I have a 2013 focus Ecoboost. It has 34K on the clock. I gather after doing a google search and some detective work that 2013 was a pretty bad year for focus electrics - at least im not alone. 

battery goes flat after approx. a week., sometimes less. Ive researched this until im sick to the back teeth. The car unfortunately spends long periods without being driven and i appreciate that this carries its own risks. The battery is new, tests okay etc, the alternator is working correctly. 

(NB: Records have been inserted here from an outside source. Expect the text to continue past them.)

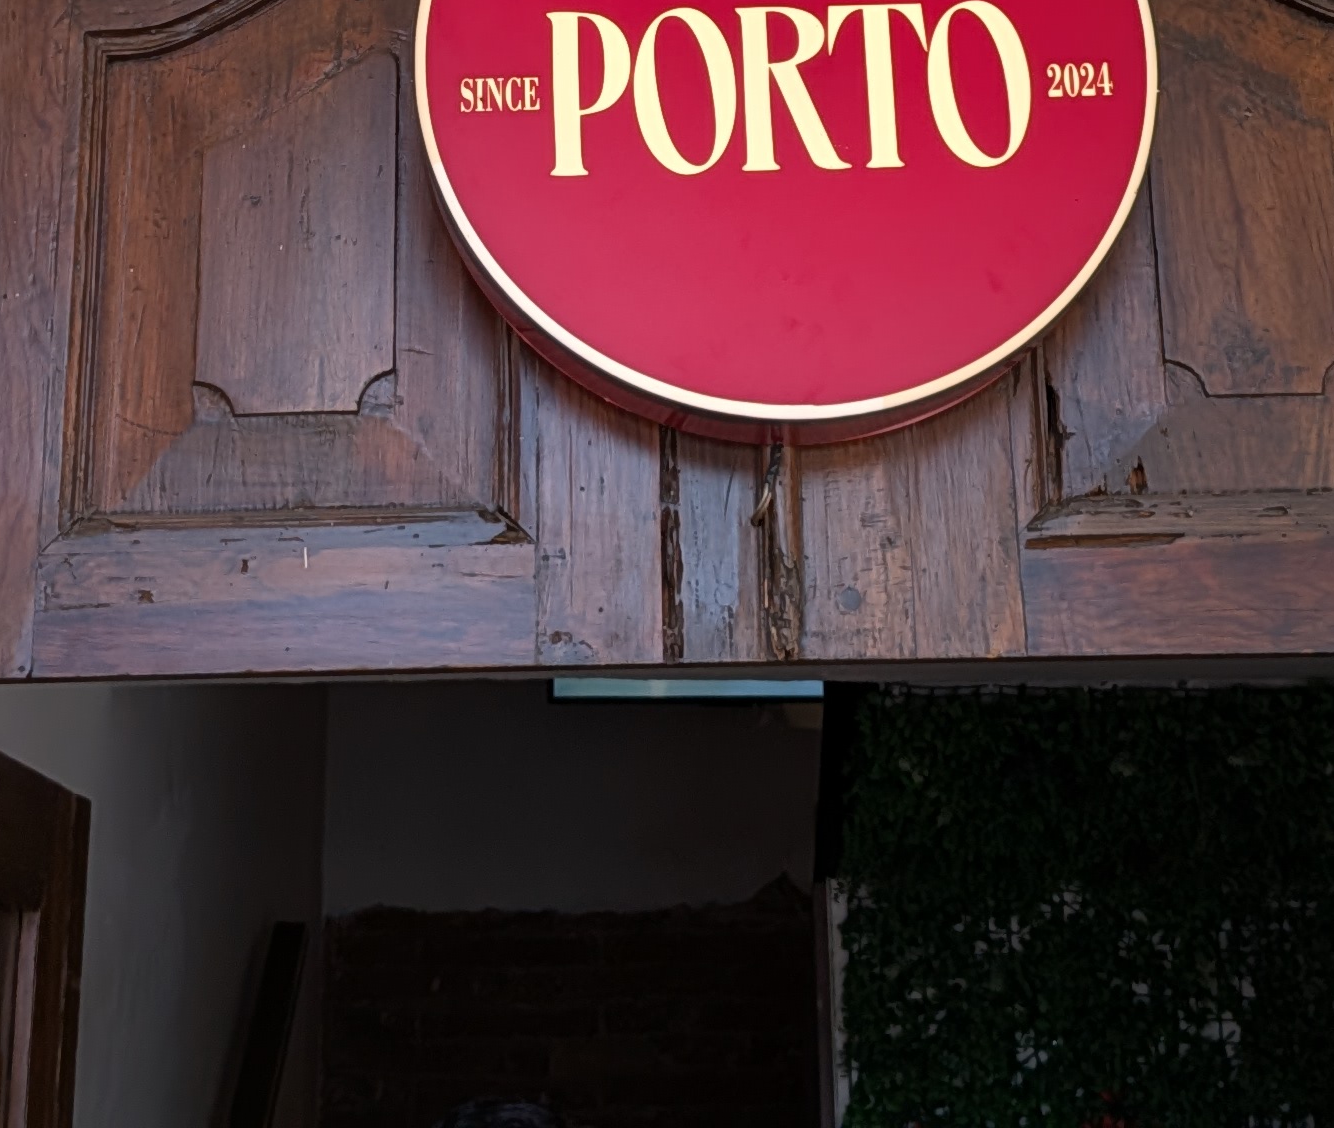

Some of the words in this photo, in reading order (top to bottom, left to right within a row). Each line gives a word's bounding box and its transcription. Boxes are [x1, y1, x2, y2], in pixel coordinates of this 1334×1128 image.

[460, 76, 541, 113] SINCE
[545, 0, 1032, 177] PORTO
[1046, 62, 1114, 98] 2024
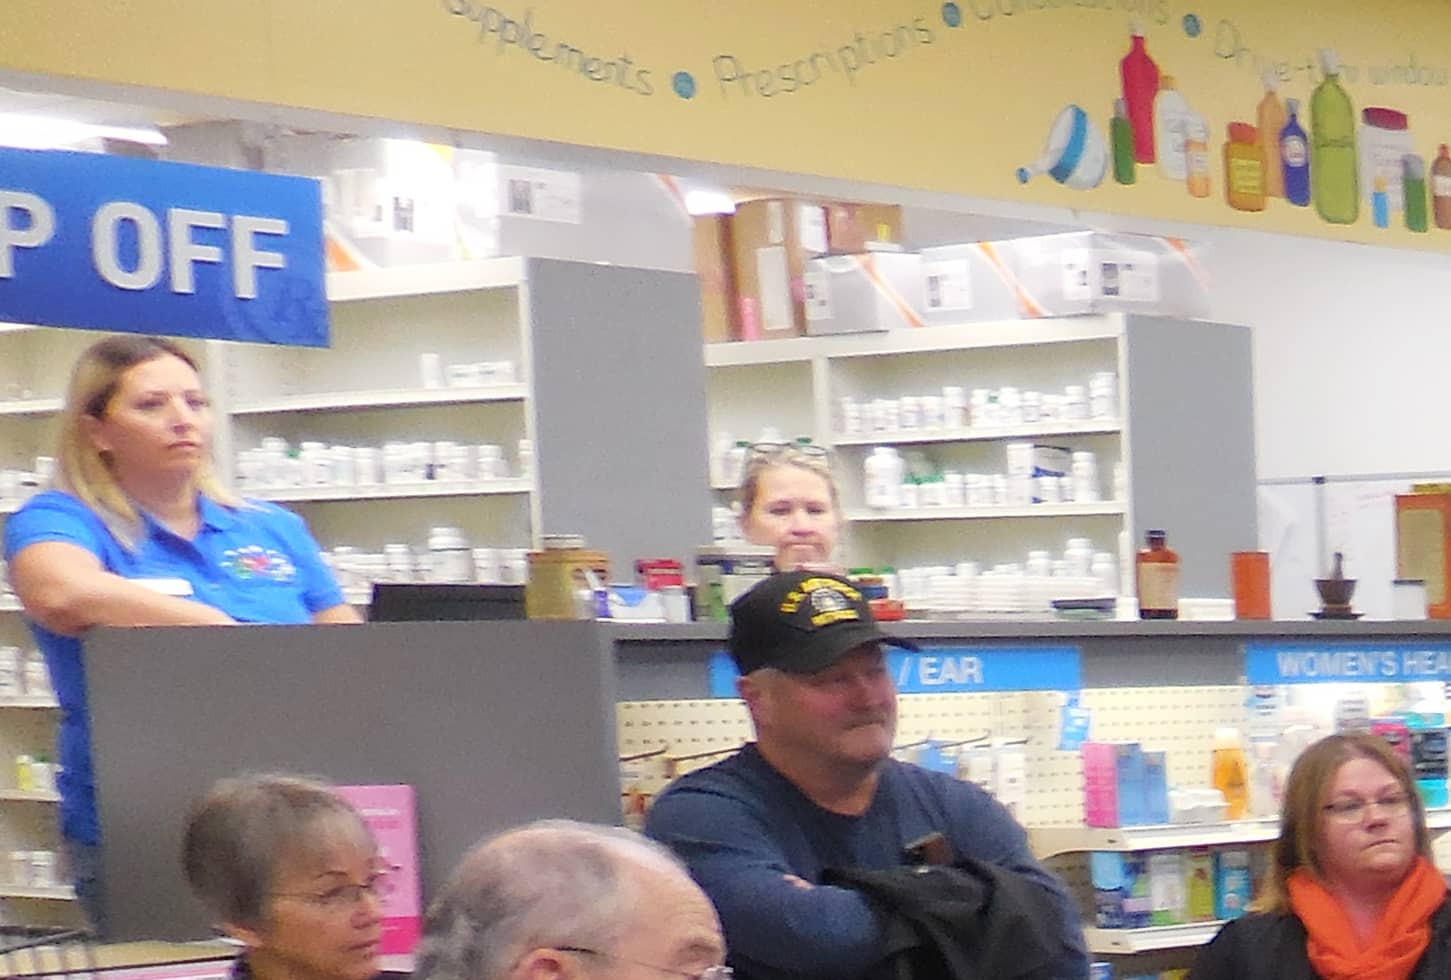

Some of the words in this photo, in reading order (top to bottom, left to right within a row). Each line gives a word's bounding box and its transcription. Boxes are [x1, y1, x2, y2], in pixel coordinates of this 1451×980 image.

[712, 17, 936, 99] Prescriptions
[92, 200, 289, 299] OFF
[919, 656, 984, 686] EAR
[1276, 651, 1397, 677] WOMEN'S

Carrying out some long term amp draw readings (like over 2 days 3 nights continual ) i appear to get an average of 50mA draw or so when the cars  " asleep" - it seems to take 30mins for the car to shut down correctly - up until then something seems to draw 2amps. ( doors locks bonnet up but ive flicked the bonnet catch across so its "shut" Then, occasionally without any warning the car briefly spikes to drawing 300mA - i can never catch it in the act, and so cant do a voltage drop test across the fuses - annoying. But the meter records spikes 

  • Firstly - whats the design battery draw when resting ? rule of thumb is 35-50mA but is there an actual spec ? 
  • The voltage quality module seems to draw power for quite a long time until it eventually shuts down ( 40 mins or so ) is this normal it seems to draw 2 amps, sometimes none and this is without even starting the car. 
  • Ive pulled the bluetooth system fuse - no change 
  • the interior lights ive manually turned off - no change 
  • radio receiver fuse pulled - no change 
  • no fault codes or running issues - everything seems to work 

My only plan now is to carry out the same test with various systems deactivated via the fuse 

the internet is awash with miss information about this - people suggesting this and that. Whats the real most likely cause ? 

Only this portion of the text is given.